Nick is the author of many works on international relations, including Issues in 21st Century World Politics, 3rd Edition (Palgrave, 2017), Great Powers in the Changing International Order (Lynne Rienner, 2012), and Building Asia's Security (IISS/Routledge, 2009, Adelphi No. 408). He regularly contributes to and is quoted in national and international media including The Guardian, The Wall Street Journal, CNN and Time Magazine.
Professor Robert Greenberg is the Dean of the Faculty of Arts at the University of Auckland. He received his PhD from Yale University in 1991, and held teaching positions at Yale, Georgetown University, and the University of North Carolina at Chapel Hill. He has served in academic leadership roles since 2000.
A specialist in Slavic languages, he conducts research on the link between language, nationalism, and ethnic conflict in the former Yugoslavia. His publications include numerous books and articles on the Slavic peoples and their languages, with a special emphasis on language policies, language and society, and language and politics.
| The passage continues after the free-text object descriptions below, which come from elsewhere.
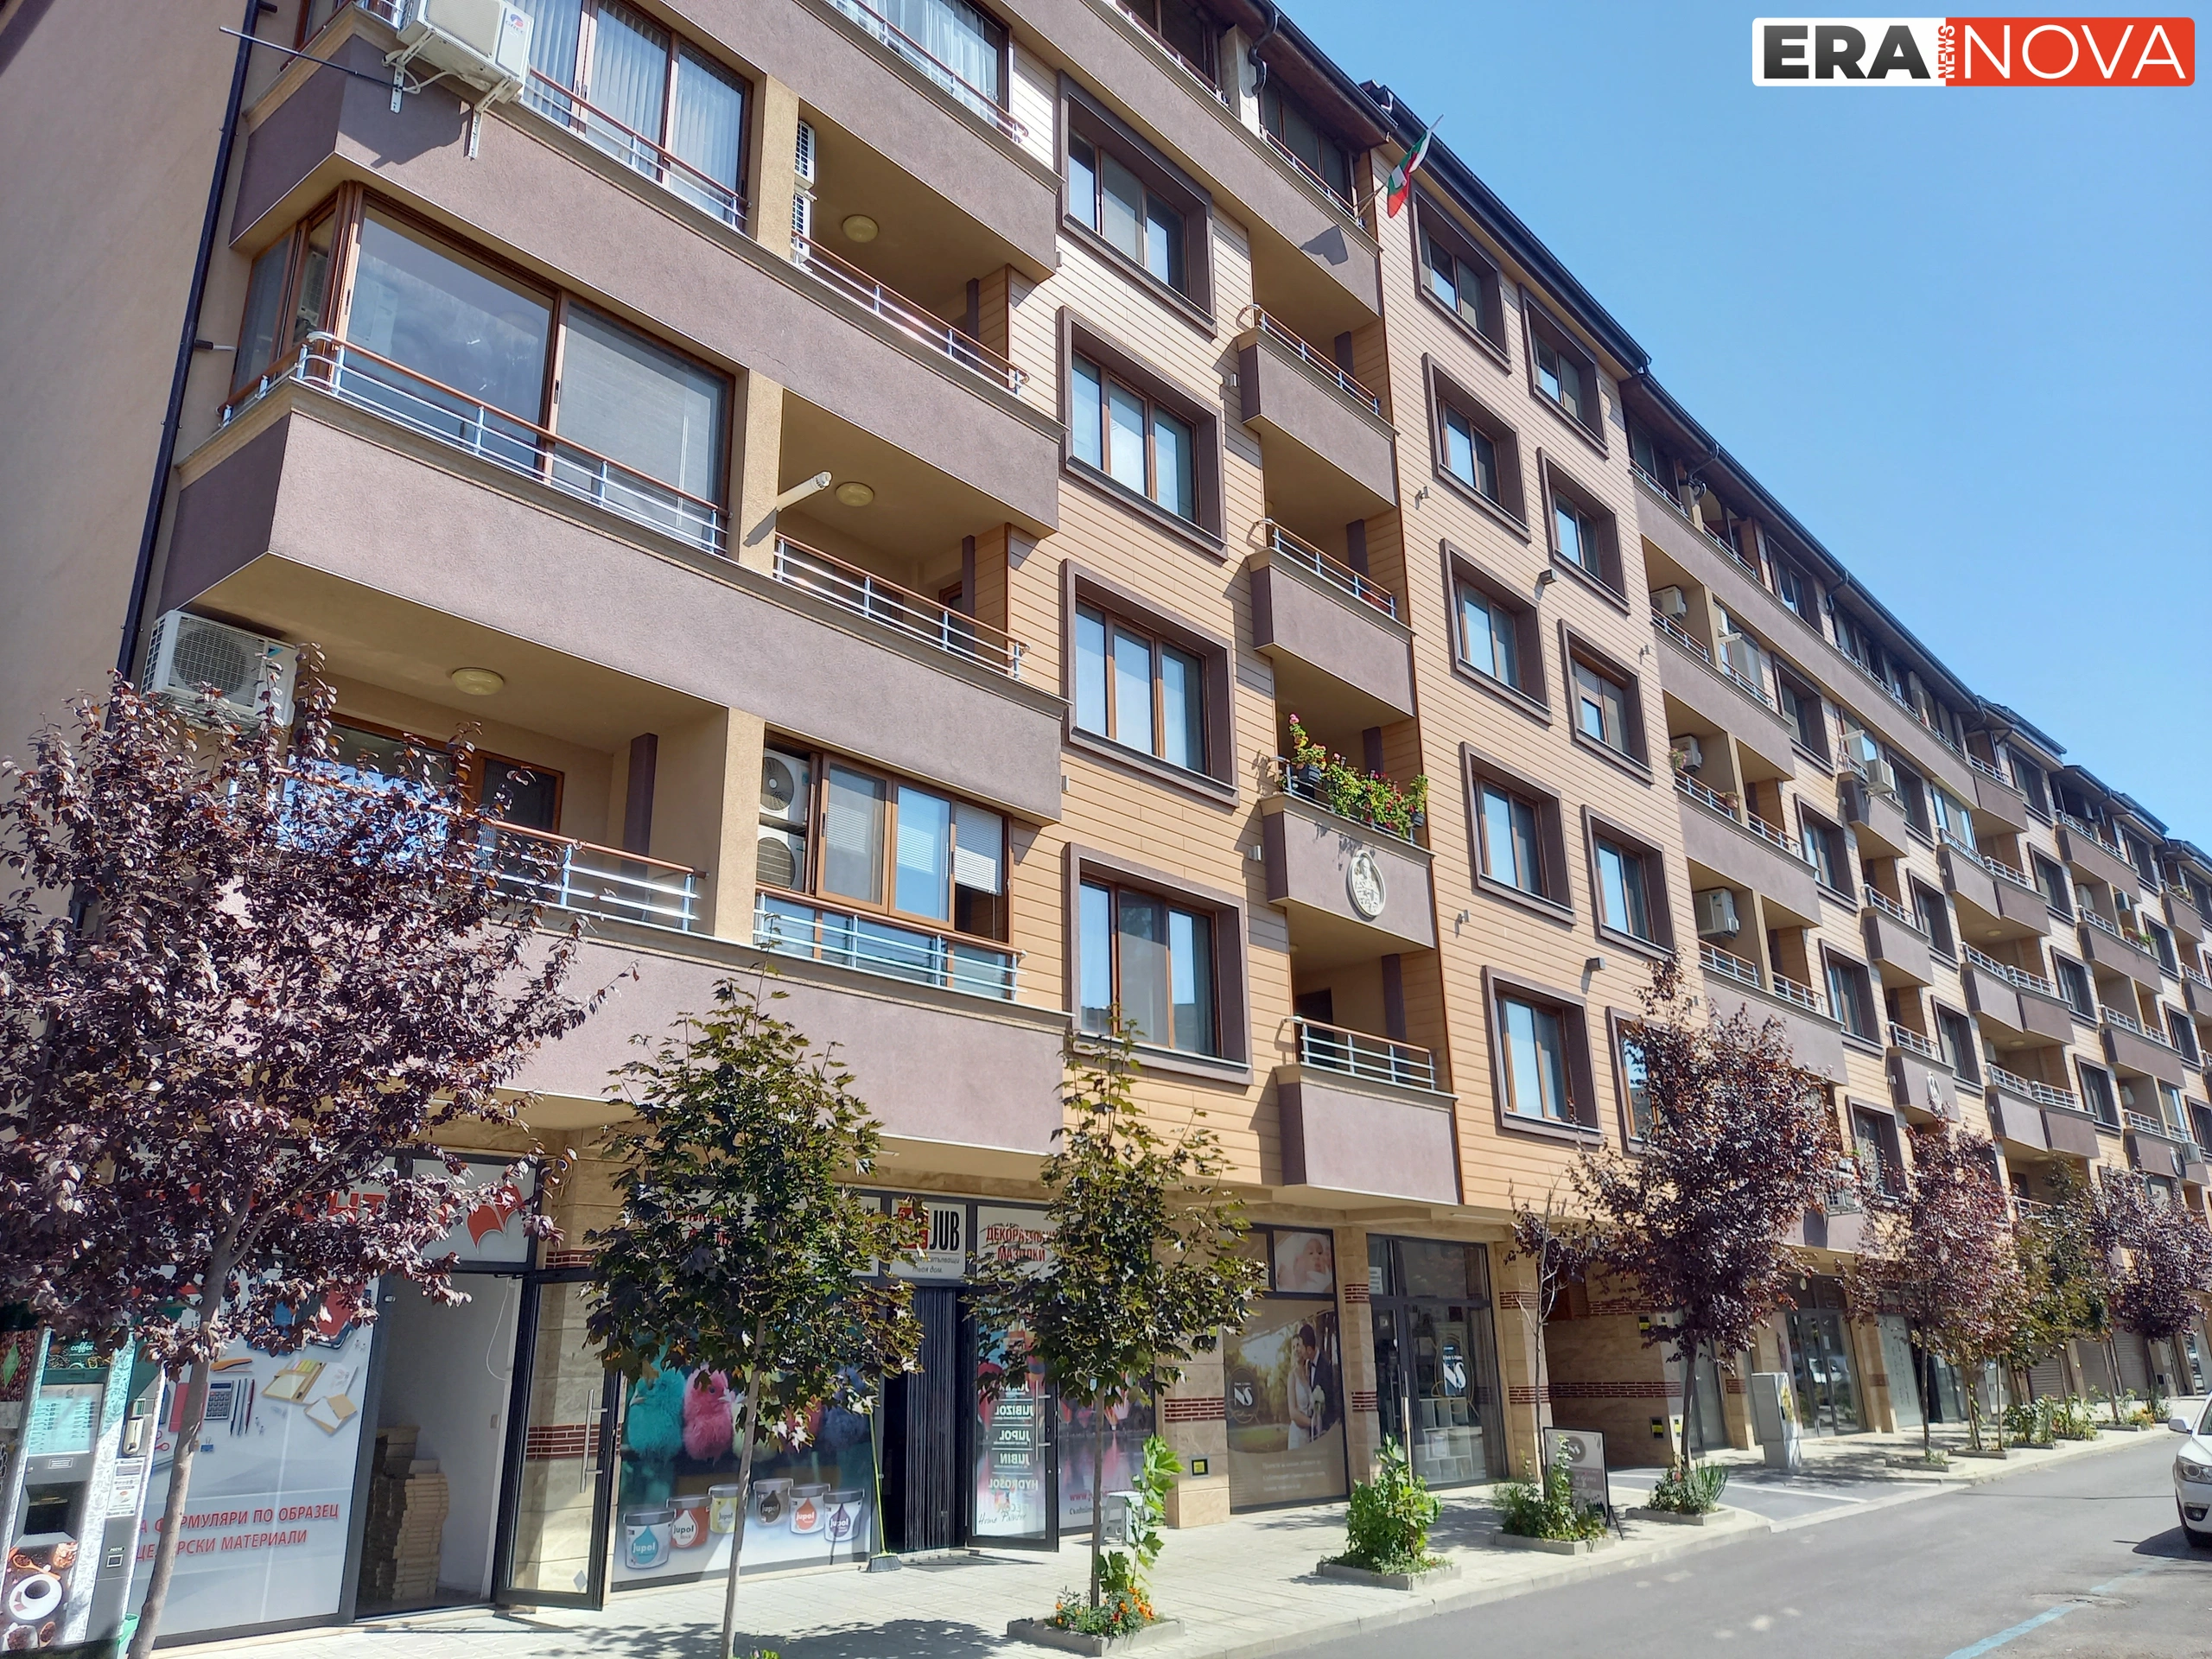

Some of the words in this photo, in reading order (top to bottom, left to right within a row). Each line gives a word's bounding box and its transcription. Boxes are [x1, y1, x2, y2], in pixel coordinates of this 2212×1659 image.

[929, 1210, 960, 1251] JUB
[70, 1341, 94, 1353] coffee
[253, 1509, 274, 1523] ПО
[278, 1503, 339, 1522] ОБРАЗЕЦ
[220, 1529, 308, 1551] МАТЕРИАЛИ
His book, Language and Identity in the Balkans received an award in 2005 for the best book in Slavic Linguistics from the American Association of Teachers of Slavic and East European Languages. In 2010 he was the recipient of the William Clyde DeVane medal for excellence in teaching and scholarship at Yale University.
As Dean, Professor Greenberg has been a staunch advocate of the value of the Arts, Humanities and Social Sciences disciplines. He has worked to increase his Faculty’s endowments, grow its research capacity, and introduce new programmes that will respond to the changing higher education landscape.
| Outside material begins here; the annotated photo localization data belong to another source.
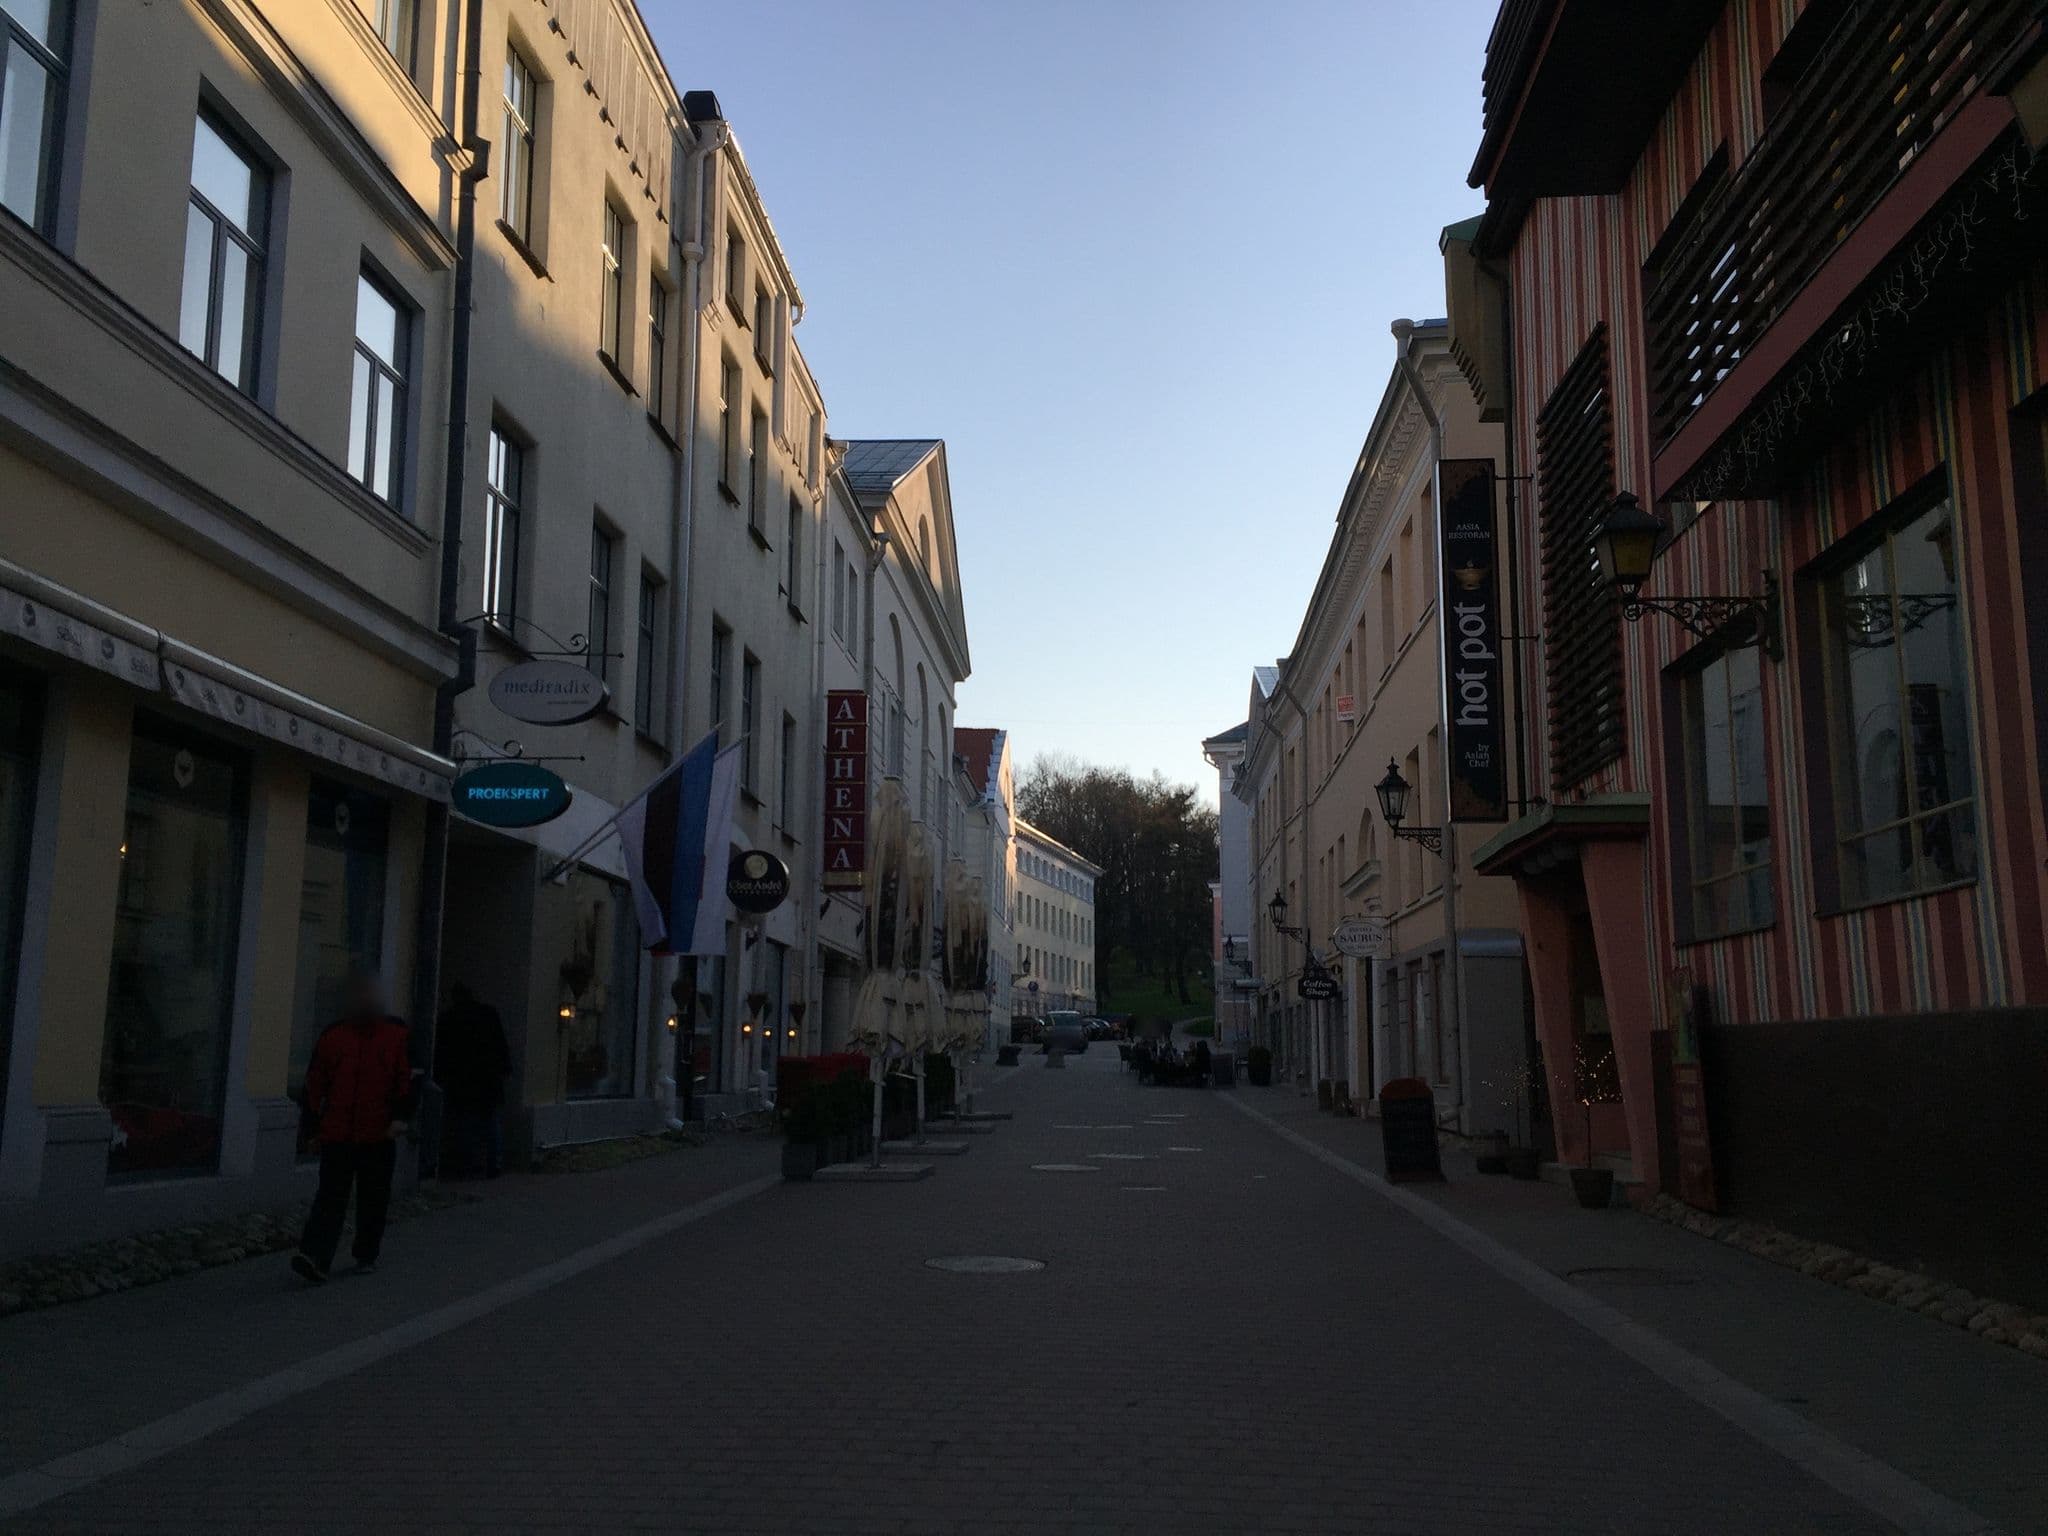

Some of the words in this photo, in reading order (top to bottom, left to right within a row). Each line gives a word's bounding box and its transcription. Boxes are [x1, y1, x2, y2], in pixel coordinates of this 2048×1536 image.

[1455, 522, 1480, 531] AASIA
[1448, 531, 1490, 540] RESTORAN
[1453, 601, 1496, 660] pot
[504, 680, 591, 695] mediradix
[1455, 667, 1489, 727] hot
[1477, 743, 1490, 752] by
[831, 698, 856, 869] ATHENA
[467, 787, 550, 800] PROEKSPERT
[1340, 933, 1383, 943] SAURUS
[1306, 988, 1330, 997] Shop
Heather Zwicker is Executive Dean of Humanities and Social Sciences at The University of Queensland. She moved to UQ in October 2018 from the University of Alberta, where she served as Vice-Provost and Dean of the Faculty of Graduate Studies and Research (2015-2018). She also co-founded BRiC, the Banff Research in Culture residency, in which advanced graduate students, postdocs, and junior professors in the humanities work alongside visual artists and curators at the world-renowned Banff Centre for Arts and Creativity.
A cultural studies researcher, Heather brings postcolonial and feminist theories to bear on problems such as stereotypes, universities, classrooms, and cities. Key areas of exploration have included nation (especially Northern Ireland), stereotype (in particular, pre-9/11 stereotypes of Irish terrorists), the local (with an emphasis on Edmonton writing), gender, and digital humanities. She holds a PhD from Stanford University (1993) and is the winner of several awards, including a 3M National Teaching Fellowship.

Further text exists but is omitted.